On March 28, the water used to cool a “containment vessel” in the atomic plant at Three Mile Island, in Middletown, Pennsylvania, grew dangerously hot and gave every sign of growing hotter. The consequences were as follows. The company that owned the plant, Metropolitan Edison, did everything it could to solve the problem quietly, and in the process released large quantities of radioactive material into the air and water surrounding the plant. Their efforts having proved an utter failure, they reported the accident several hours late to the Nuclear Regulatory Commission, which in turn allowed two days to pass before dispatching a team of experts to the site.
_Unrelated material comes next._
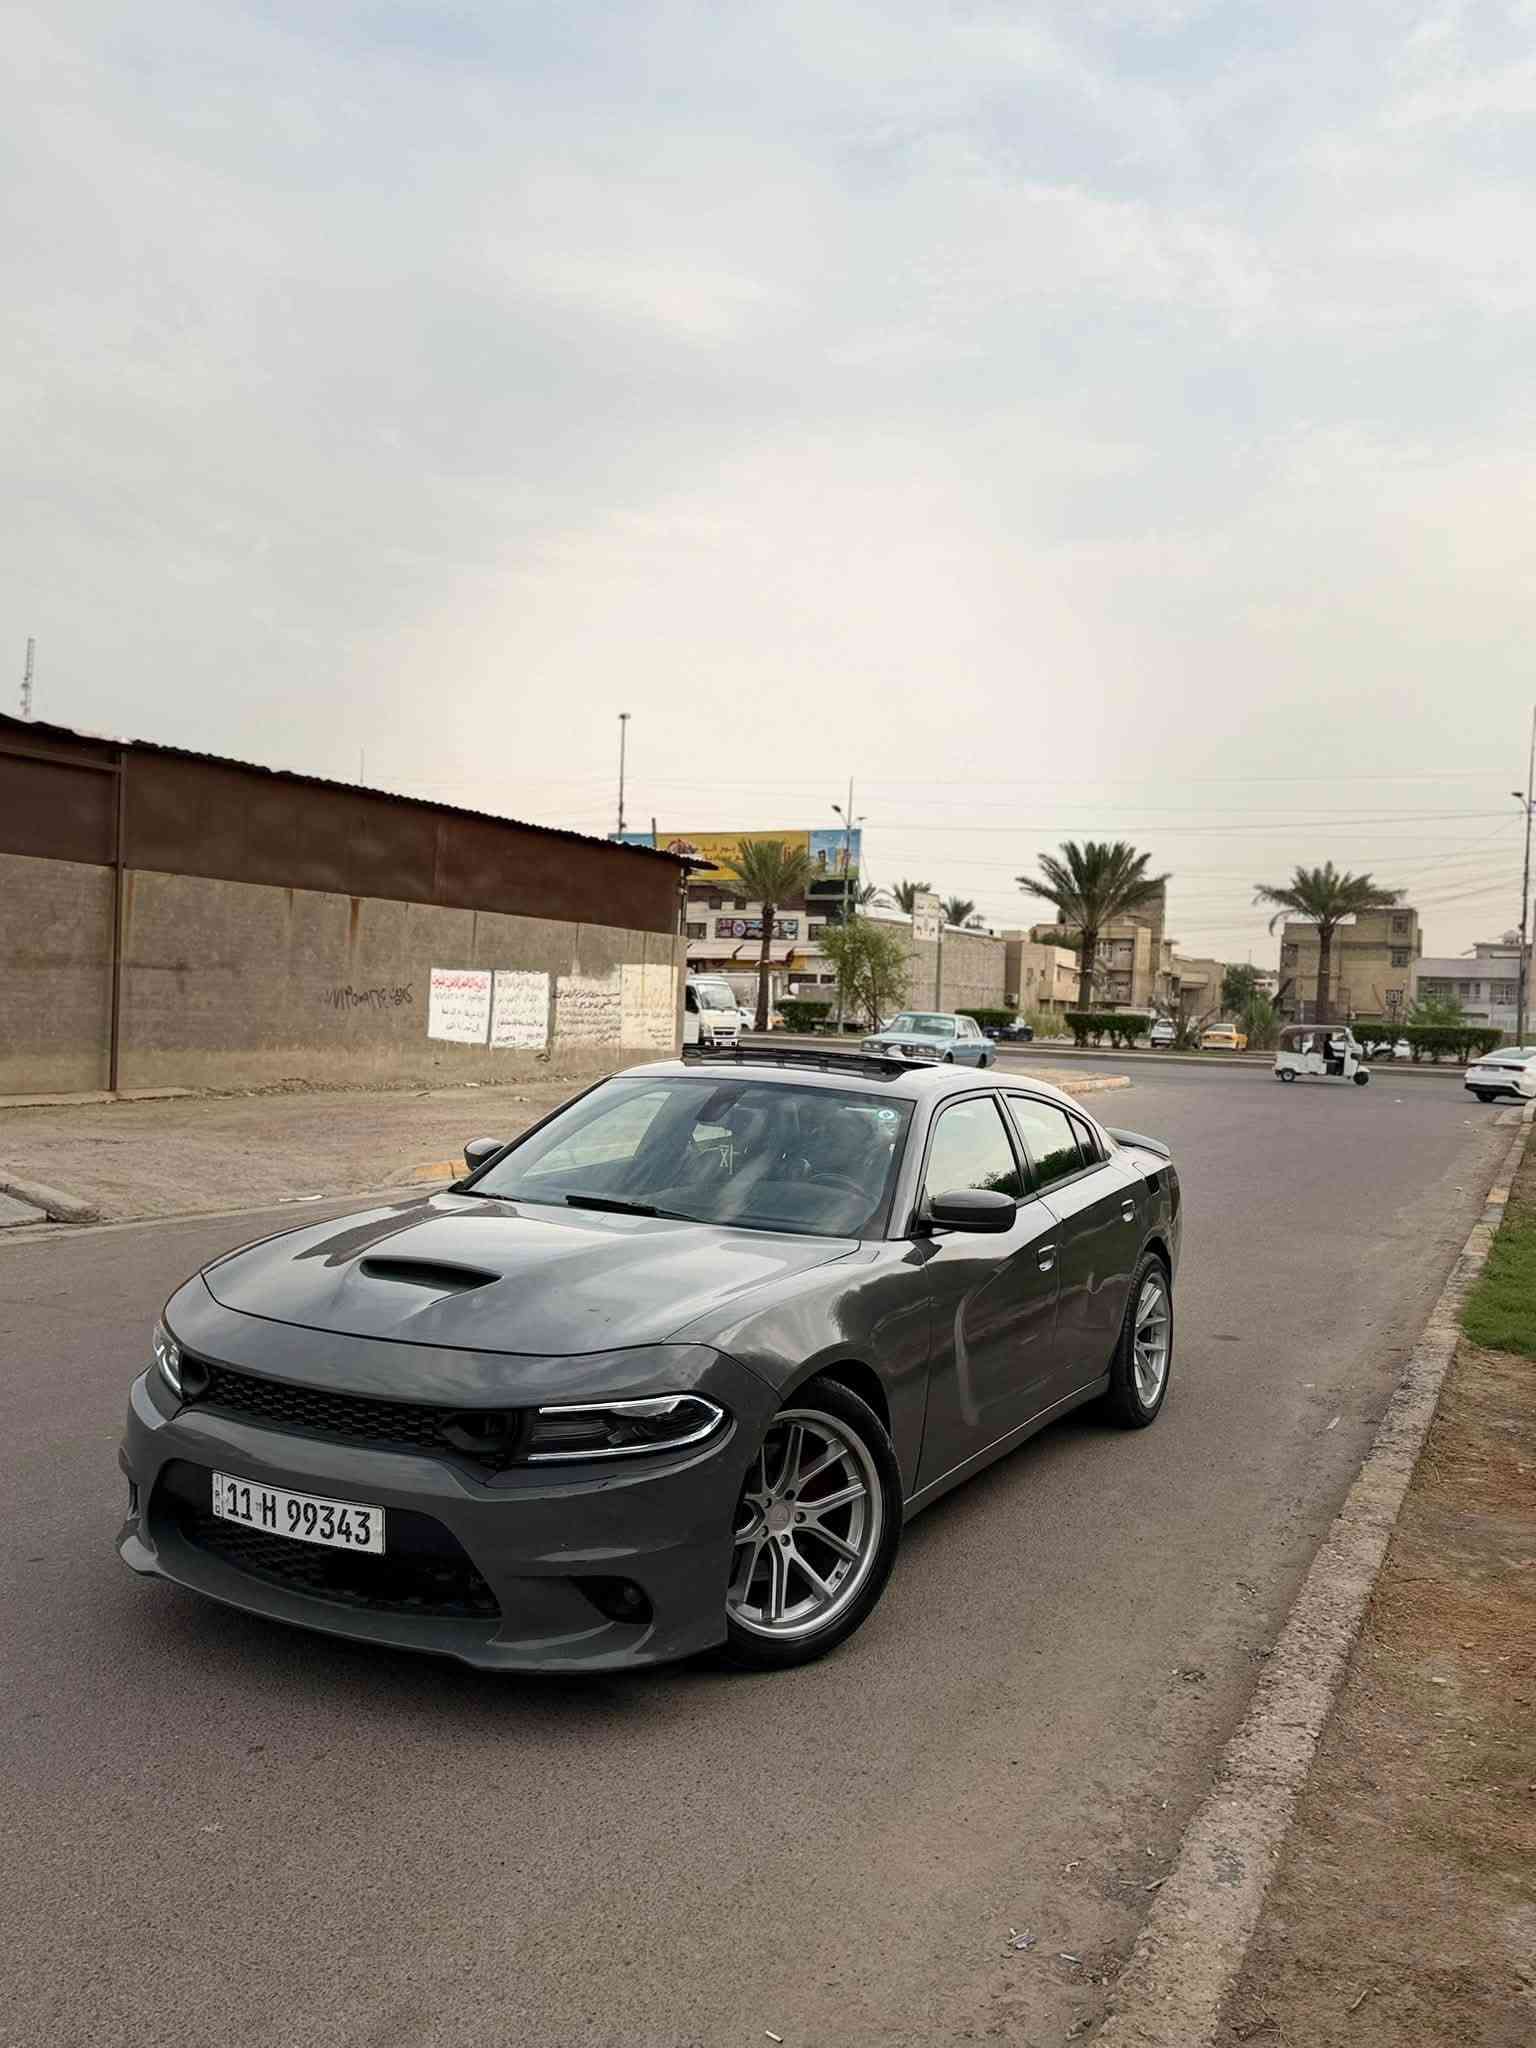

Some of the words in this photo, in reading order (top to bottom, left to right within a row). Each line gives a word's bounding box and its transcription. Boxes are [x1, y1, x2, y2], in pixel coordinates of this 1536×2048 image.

[227, 1483, 253, 1521] 11
[262, 1492, 276, 1528] H
[287, 1500, 371, 1545] 99343
In adding a delay of its own to that of Metropolitan Edison, the NRC appears to have been actuated by the same motive: the smaller the fuss over the accident, the less considerable the danger would seem in retrospect. The NRC team on arriving at the site found something approaching total chaos. From the mass of contradictory reports, however, it finally emerged that the worst imaginable calamity for a nuclear plant—a “core meltdown,” which would release into the air a radioactive cloud, killing tens of thousands and injuring hundreds of thousands more, within a radius of at least 50 miles—had become a not entirely remote possibility. Governor Thornburgh ordered the evacuation of children and pregnant mothers wi...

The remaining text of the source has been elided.